Art. 3º. Para o reconhecimento dos direitos de que trata esta Lei, serão consideradas as deficiências que acarretem impedimentos nas funções ou na estrutura do corpo, referentes às capacidades comunicativas, mentais, intelectuais, sensoriais ou motoras.

§ 1º As funções do corpo são as funções fisiológicas dos sistemas orgânicos, incluindo as funções psicológicas.
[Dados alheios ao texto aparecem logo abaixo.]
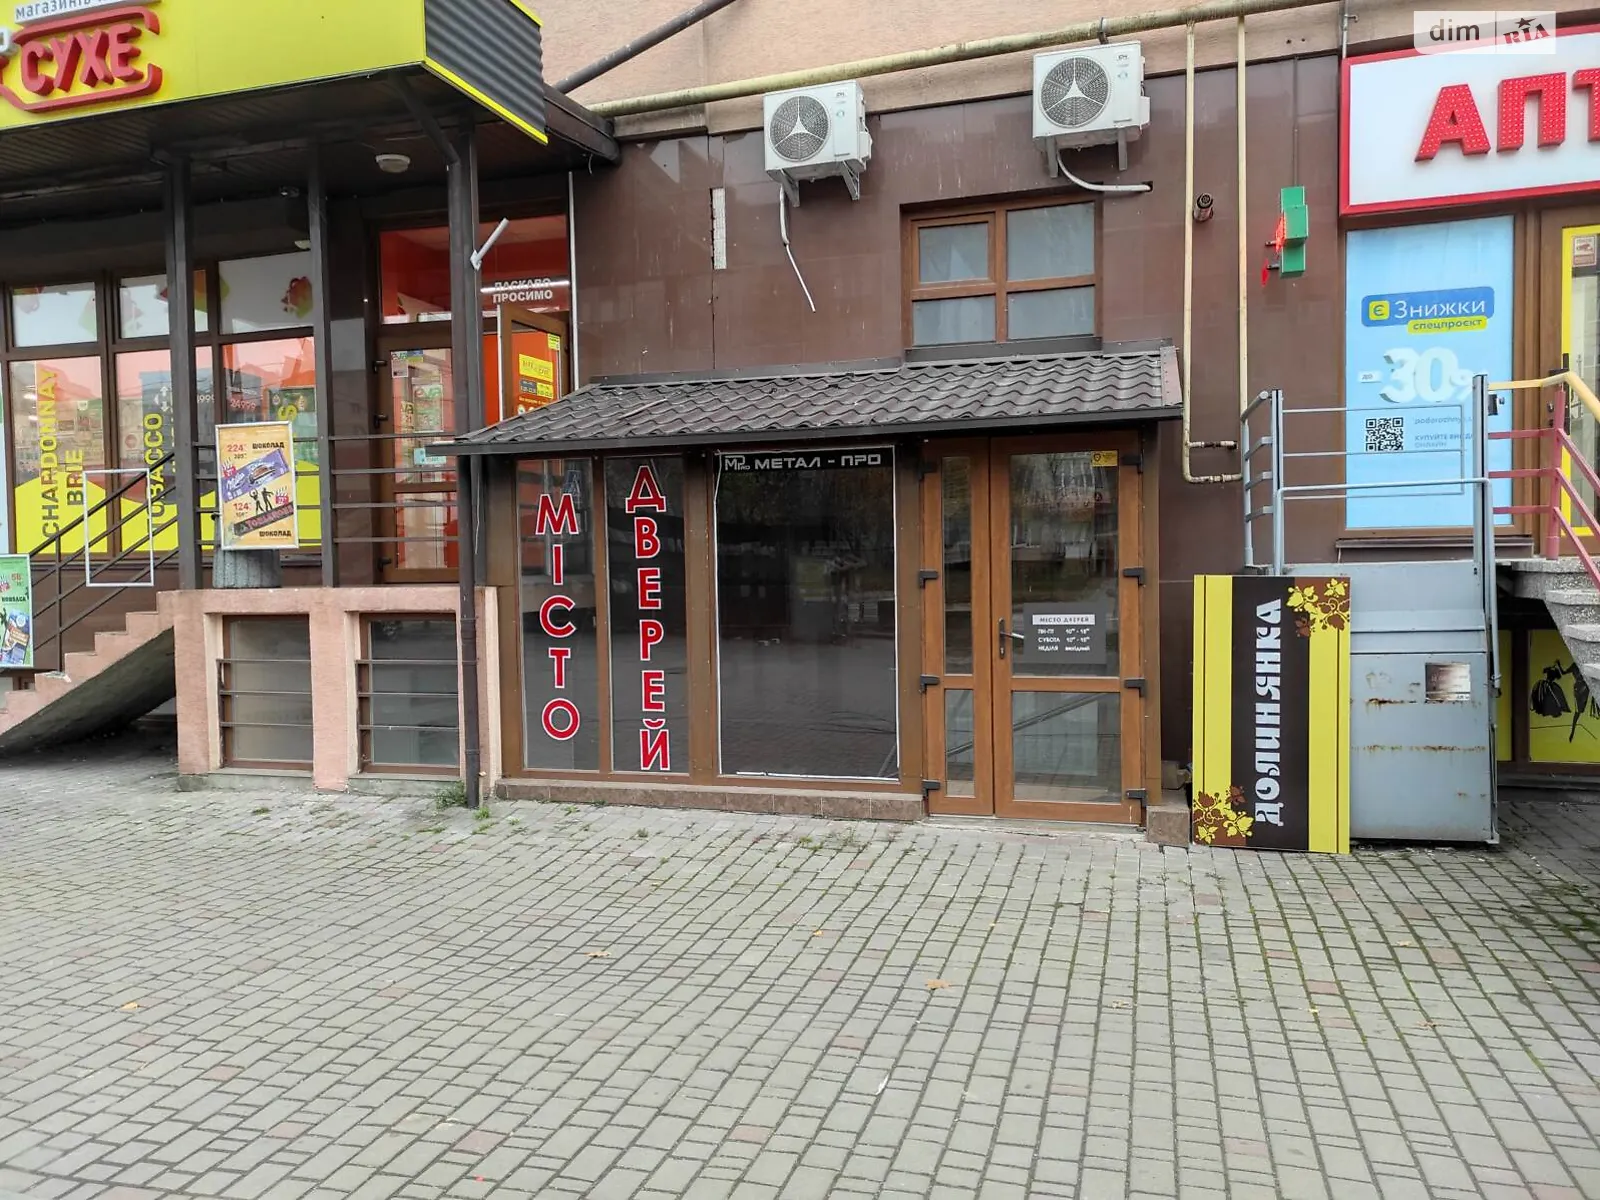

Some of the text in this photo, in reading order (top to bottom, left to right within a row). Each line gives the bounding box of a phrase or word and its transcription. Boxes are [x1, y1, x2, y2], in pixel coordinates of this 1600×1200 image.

[20, 23, 143, 96] СУХЕ
[492, 289, 553, 304] ПРОСИМО
[1394, 300, 1486, 319] Знижки
[1412, 319, 1483, 331] спецпроєкт
[40, 370, 60, 538] CHARDONNAY
[252, 441, 285, 449] ШОКОЛАД
[754, 456, 821, 470] МЕТАЛ
[840, 454, 882, 467] ПРО
[65, 448, 84, 506] BRIE
[535, 493, 580, 741] МІСТО
[625, 465, 671, 771] ДВЕРЕЙ
[1254, 598, 1285, 827] ДОЛИНЯНКА
§ 2º As estruturas do corpo são as suas partes anatômicas, tais como órgãos, membros e seus componentes.

Sugestão

lucas reinhardt

Redação do artigo

Art. 3º. Para o reconhecimento dos direitos E DOS DEVERES de que trata esta Lei, serão consideradas as deficiências que acarretem impedimentos nas funções ou na estrutura do corpo, referentes às capacidades comunicativas, mentais, intelectuais, sensoriais ou motoras.

§ 1º As funções do corpo são as funções fisiológicas dos sistemas orgânicos, incluindo as funções psicológicas.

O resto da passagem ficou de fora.